- WHAT NEEDS TO BE DONE
No image is to be carried over; reproduce the rest of the listing word for word.

(STUDY MATERIAL begins)

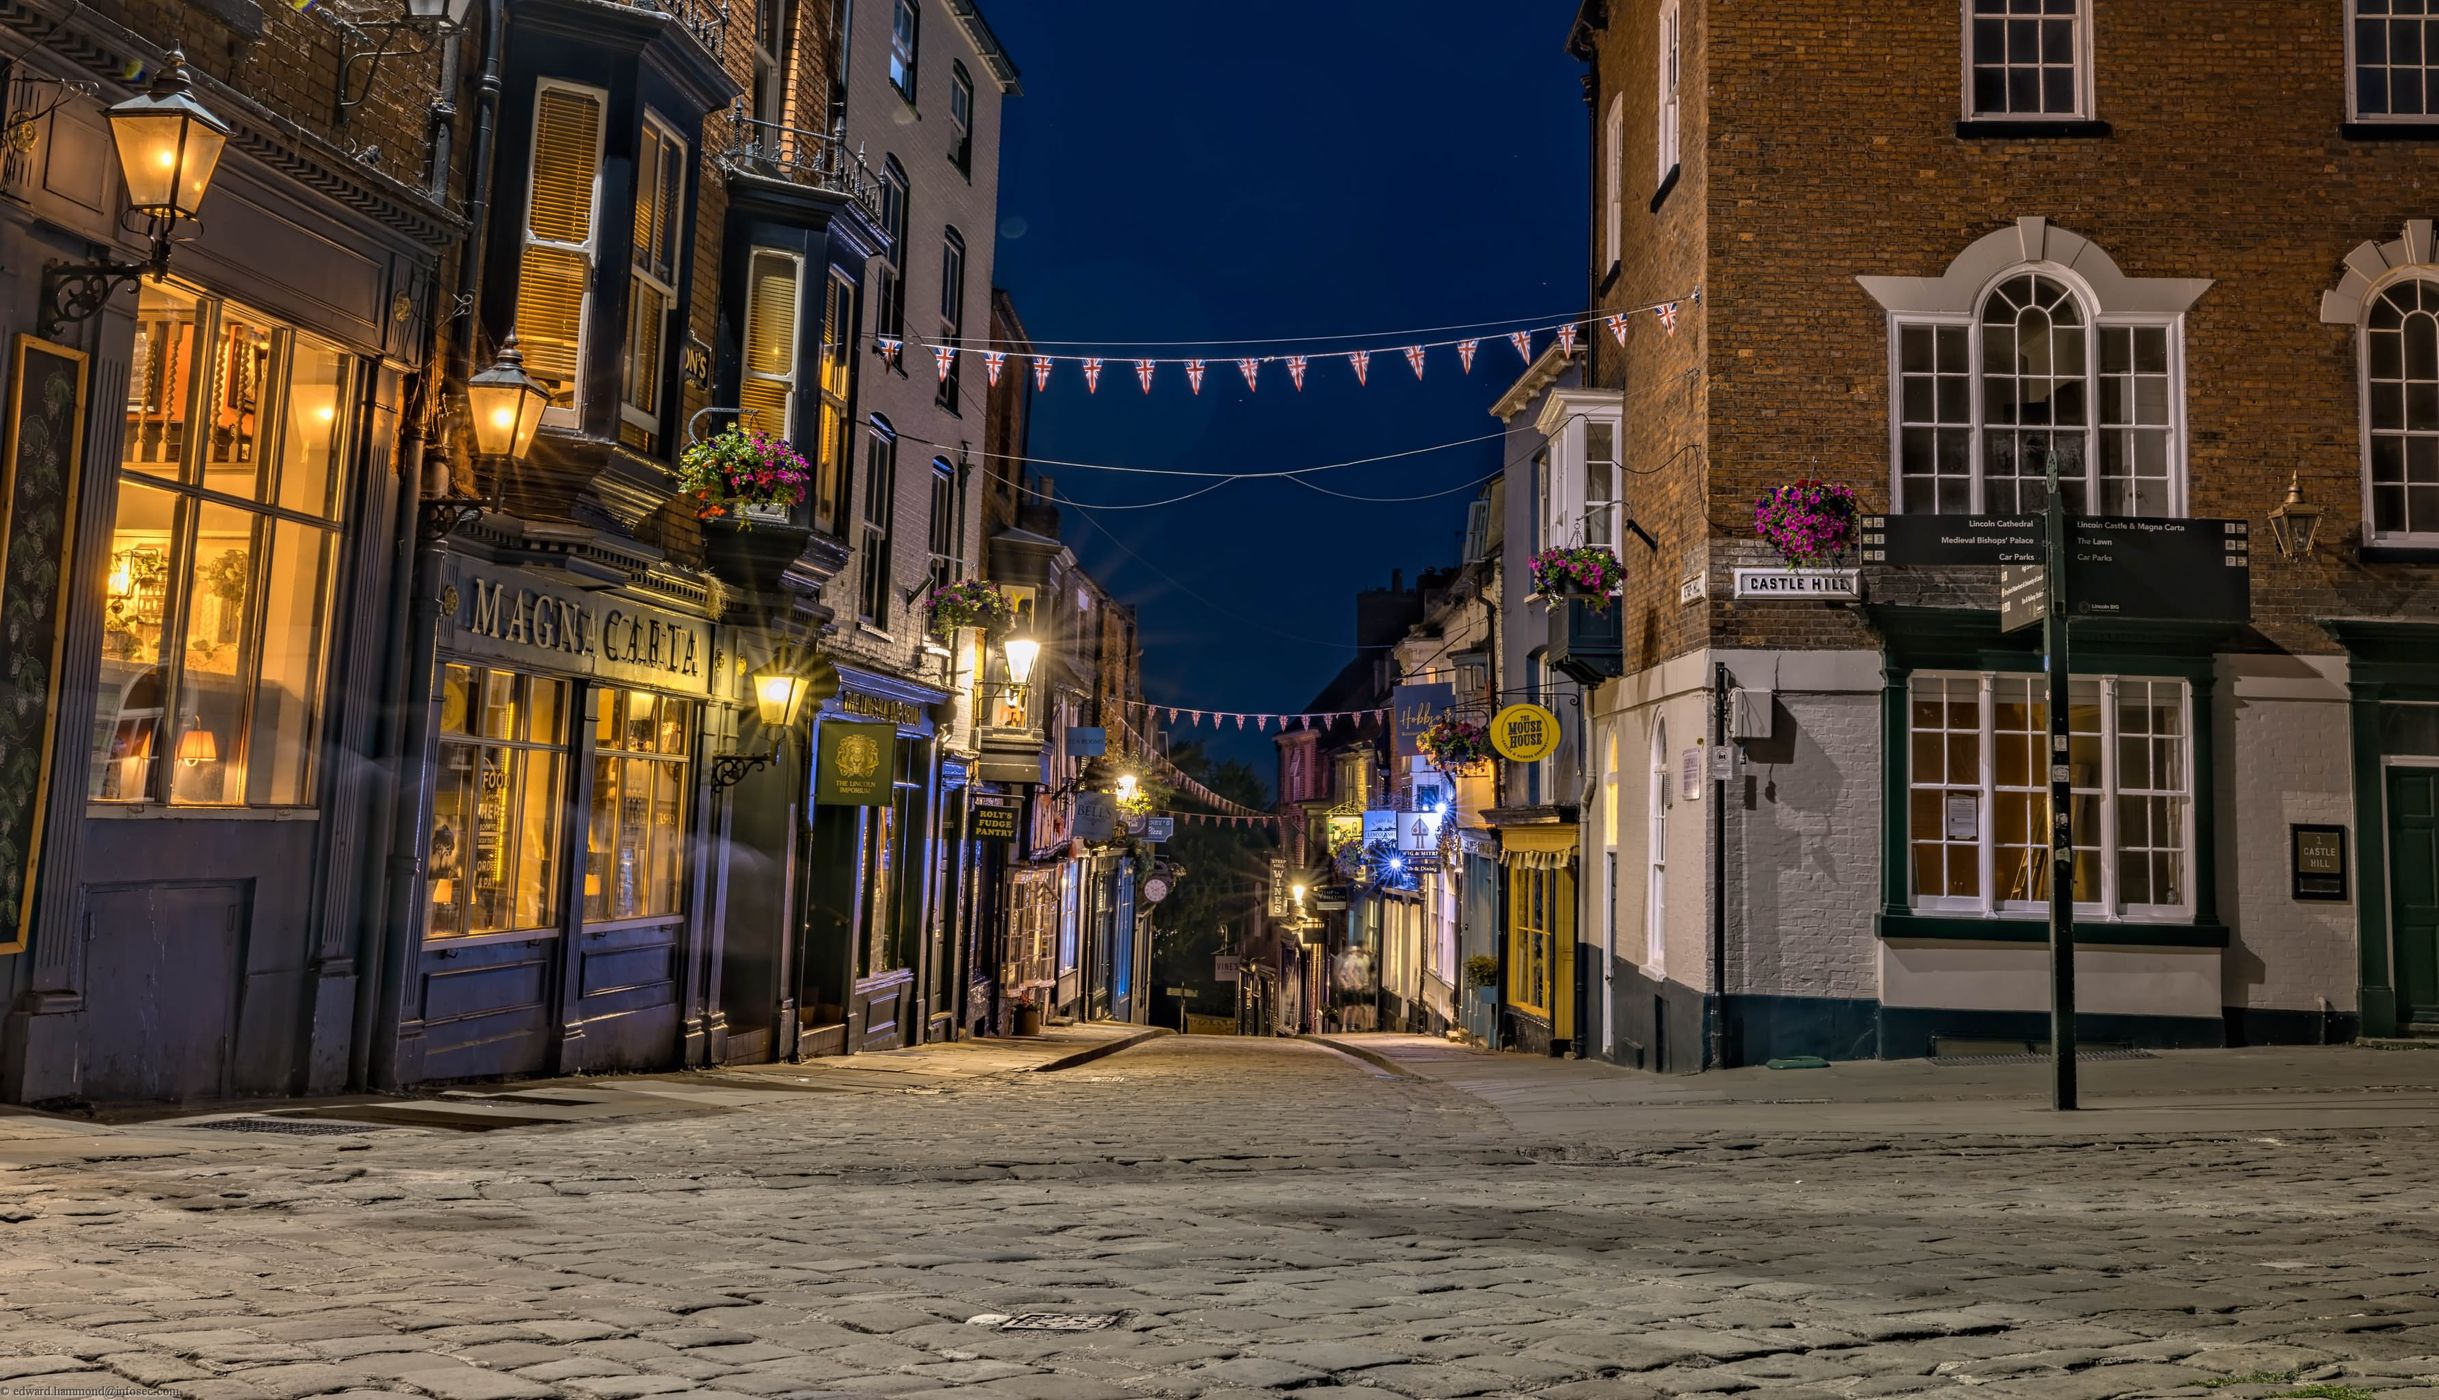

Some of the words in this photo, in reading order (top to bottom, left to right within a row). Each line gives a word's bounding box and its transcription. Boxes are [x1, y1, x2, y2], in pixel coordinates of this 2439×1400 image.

[1969, 520, 1996, 528] Lincoln
[1997, 520, 2034, 528] Cathedral
[2077, 521, 2103, 529] Lincoln
[2104, 522, 2128, 530] Castle
[2138, 523, 2163, 532] Magna
[1941, 536, 1976, 544] Medieval
[1977, 536, 2008, 546] Bishops'
[2009, 536, 2034, 545] Palace
[2077, 537, 2091, 545] The
[2092, 538, 2113, 546] Lawn
[1999, 553, 2012, 561] Car
[2014, 553, 2035, 561] Parks
[2092, 554, 2113, 562] Parks
[1750, 577, 1805, 590] CASTLE
[472, 579, 599, 658] MAGNA
[603, 610, 702, 677] CARTA
[1507, 720, 1542, 735] MOUSE
[1509, 733, 1543, 748] HOUSE
[482, 771, 511, 788] FOOD
[979, 810, 1013, 819] ROLY'S
[979, 819, 1012, 828] FUDGE
[975, 827, 1014, 837] PANTRY
[2316, 836, 2322, 845] 1
[2303, 847, 2336, 857] CASTLE
[2310, 859, 2330, 868] HILL
[1273, 870, 1284, 914] WINES

(STUDY MATERIAL ends)

- ANSWER FOR THE TASK
Some of the words in this photo, in reading order (top to bottom, left to right within a row). Each line gives a word's bounding box and its transcription. Boxes are [x1, y1, x2, y2], in pixel coordinates of this 2439×1400 image.

[1969, 520, 1996, 528] Lincoln
[1997, 520, 2034, 528] Cathedral
[2077, 521, 2103, 529] Lincoln
[2104, 522, 2128, 530] Castle
[2138, 523, 2163, 532] Magna
[1941, 536, 1976, 544] Medieval
[1977, 536, 2008, 546] Bishops'
[2009, 536, 2034, 545] Palace
[2077, 537, 2091, 545] The
[2092, 538, 2113, 546] Lawn
[1999, 553, 2012, 561] Car
[2014, 553, 2035, 561] Parks
[2092, 554, 2113, 562] Parks
[1750, 577, 1805, 590] CASTLE
[472, 579, 599, 658] MAGNA
[603, 610, 702, 677] CARTA
[1507, 720, 1542, 735] MOUSE
[1509, 733, 1543, 748] HOUSE
[482, 771, 511, 788] FOOD
[979, 810, 1013, 819] ROLY'S
[979, 819, 1012, 828] FUDGE
[975, 827, 1014, 837] PANTRY
[2316, 836, 2322, 845] 1
[2303, 847, 2336, 857] CASTLE
[2310, 859, 2330, 868] HILL
[1273, 870, 1284, 914] WINES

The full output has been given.